§ **Exercise objective**
Every entry below should be written out exactly, and no image should appear.

§ **Materials provided**
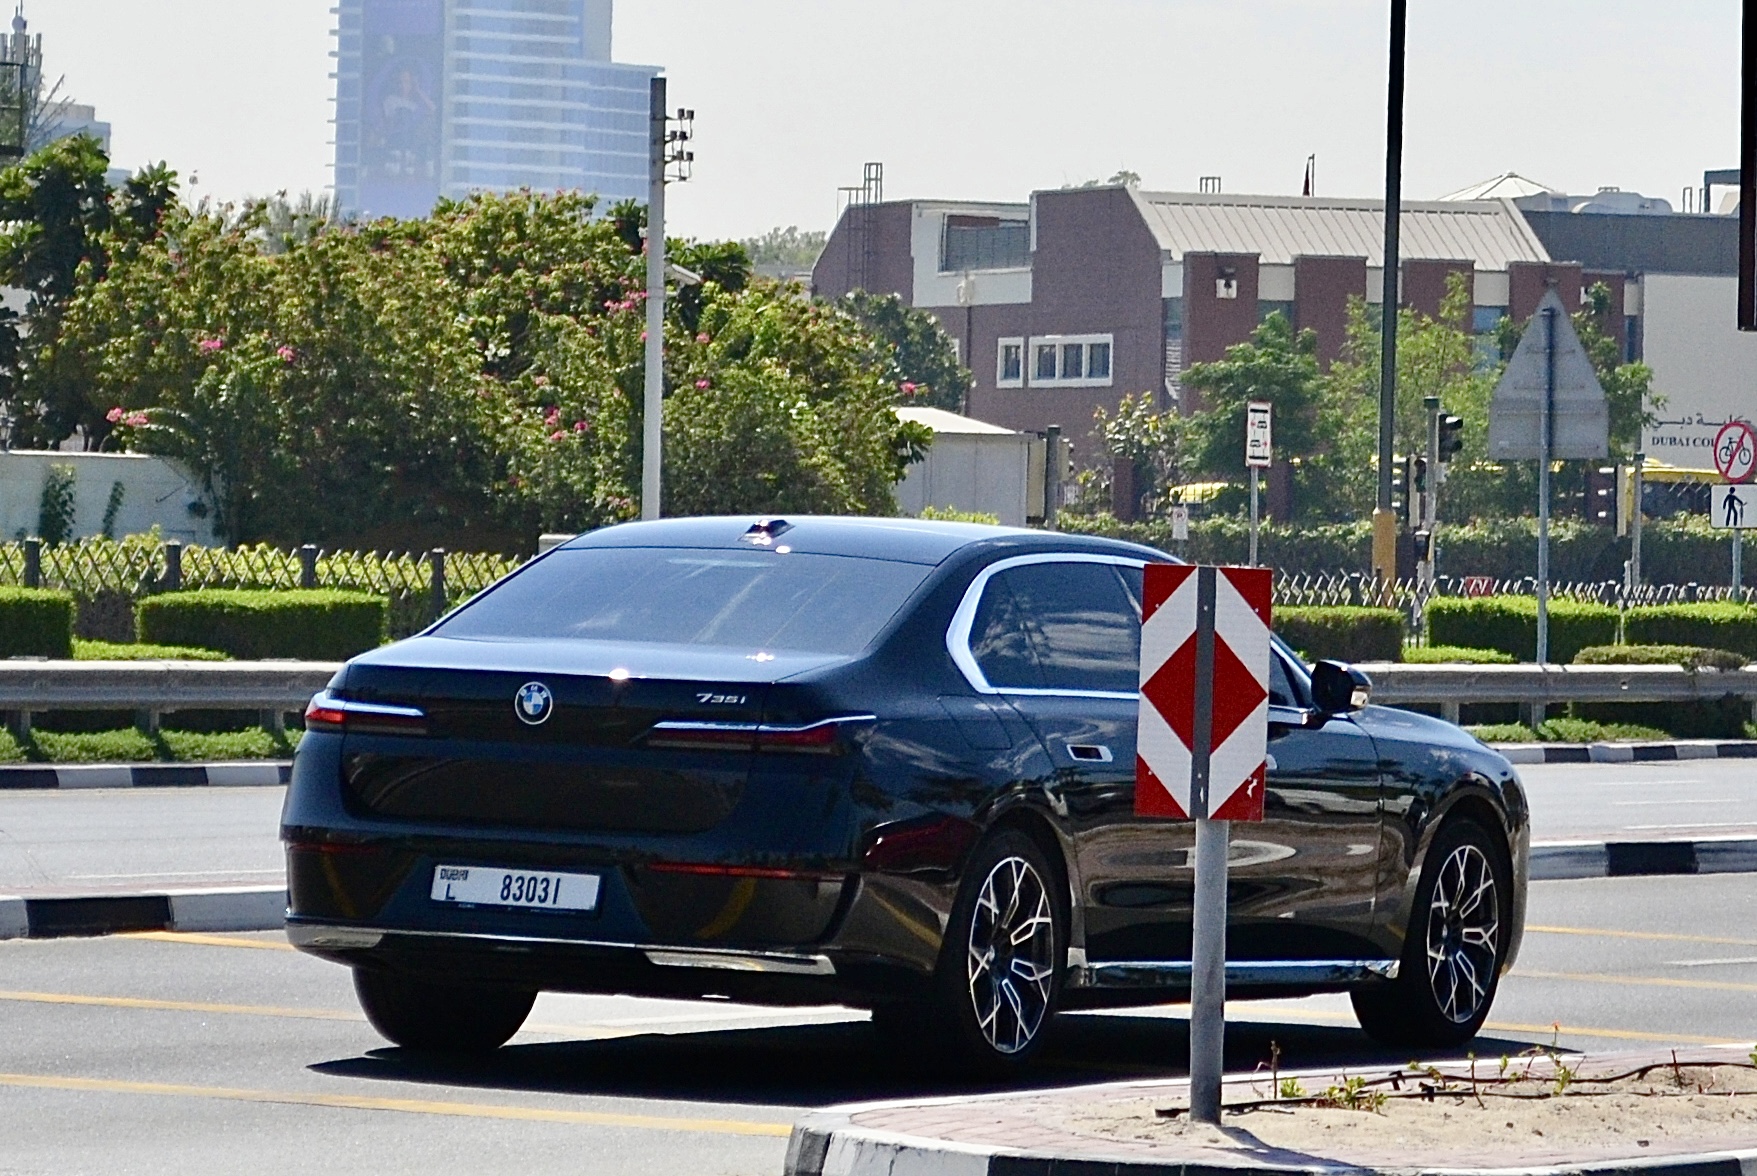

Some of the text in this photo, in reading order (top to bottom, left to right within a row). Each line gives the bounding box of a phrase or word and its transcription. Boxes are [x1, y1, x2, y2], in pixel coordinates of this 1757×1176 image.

[1652, 415, 1693, 431] دبي
[1651, 436, 1689, 447] DUBAI
[696, 692, 746, 705] 735i
[445, 874, 561, 905] L 83031

§ **Your response**
Some of the text in this photo, in reading order (top to bottom, left to right within a row). Each line gives the bounding box of a phrase or word and its transcription. Boxes are [x1, y1, x2, y2], in pixel coordinates of this 1757×1176 image.

[1652, 415, 1693, 431] دبي
[1651, 436, 1689, 447] DUBAI
[696, 692, 746, 705] 735i
[445, 874, 561, 905] L 83031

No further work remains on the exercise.